Content starts
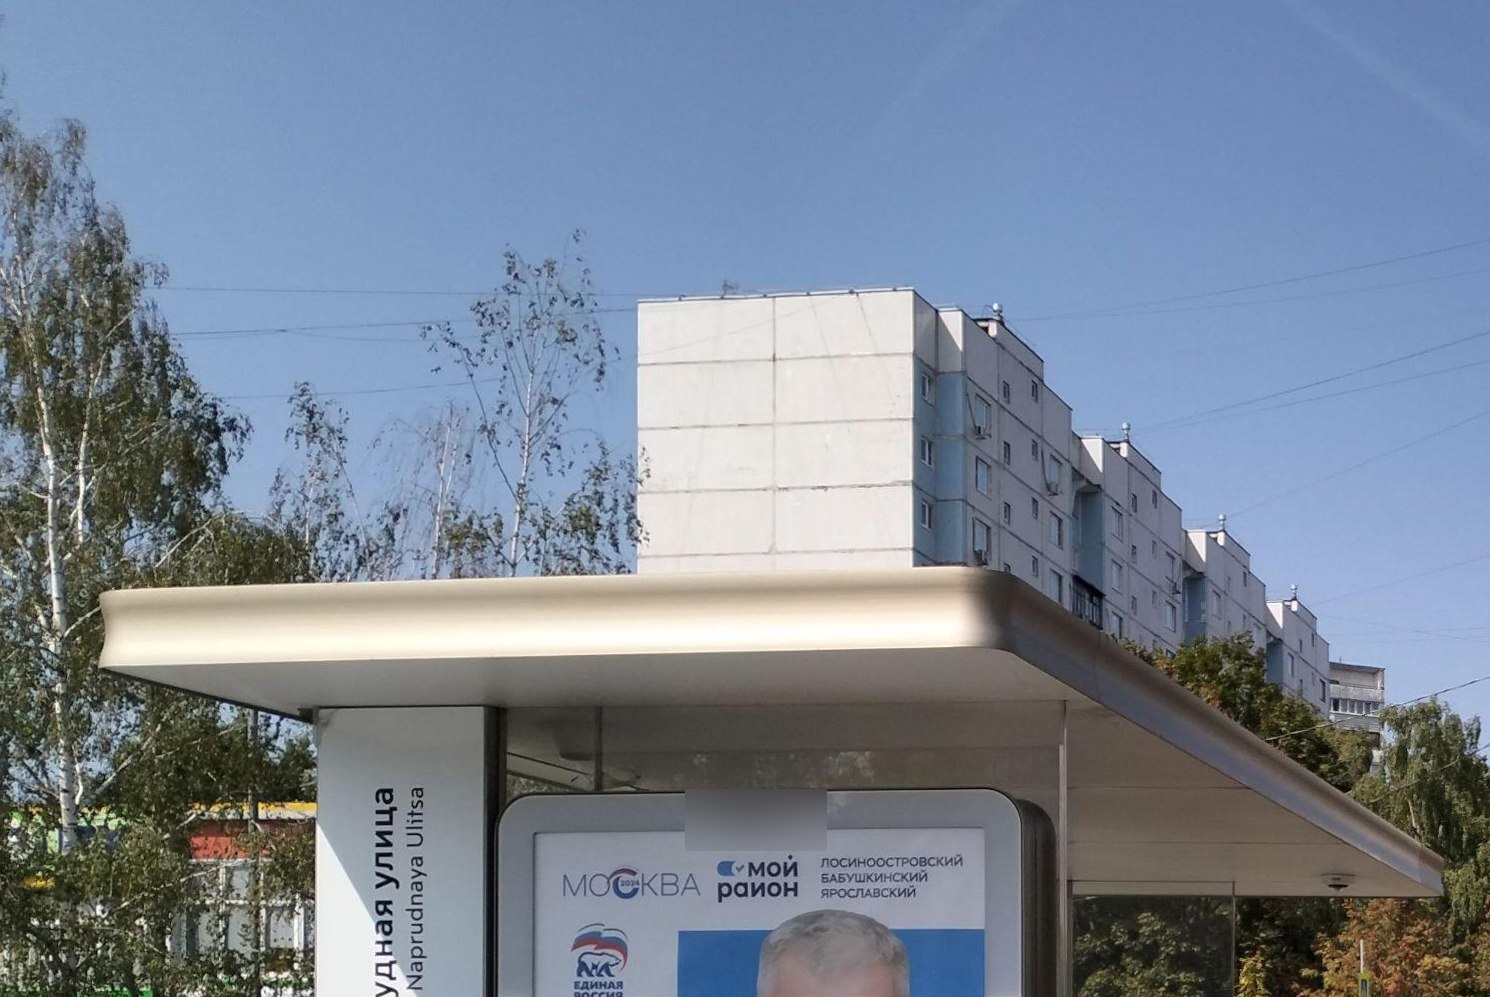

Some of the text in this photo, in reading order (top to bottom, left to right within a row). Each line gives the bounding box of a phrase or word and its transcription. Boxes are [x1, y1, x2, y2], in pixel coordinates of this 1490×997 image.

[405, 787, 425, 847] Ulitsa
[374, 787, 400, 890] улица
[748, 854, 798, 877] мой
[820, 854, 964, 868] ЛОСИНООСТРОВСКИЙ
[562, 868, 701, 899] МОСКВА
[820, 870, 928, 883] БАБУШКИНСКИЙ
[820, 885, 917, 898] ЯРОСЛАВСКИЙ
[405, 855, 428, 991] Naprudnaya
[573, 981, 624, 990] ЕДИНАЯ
Content ends
#### [Exercise]
Output all of the data exactly. Skip the pictures.

#### [Task solution]
Some of the text in this photo, in reading order (top to bottom, left to right within a row). Each line gives the bounding box of a phrase or word and its transcription. Boxes are [x1, y1, x2, y2], in pixel coordinates of this 1490×997 image.

[405, 787, 425, 847] Ulitsa
[374, 787, 400, 890] улица
[748, 854, 798, 877] мой
[820, 854, 964, 868] ЛОСИНООСТРОВСКИЙ
[562, 868, 701, 899] МОСКВА
[820, 870, 928, 883] БАБУШКИНСКИЙ
[820, 885, 917, 898] ЯРОСЛАВСКИЙ
[405, 855, 428, 991] Naprudnaya
[573, 981, 624, 990] ЕДИНАЯ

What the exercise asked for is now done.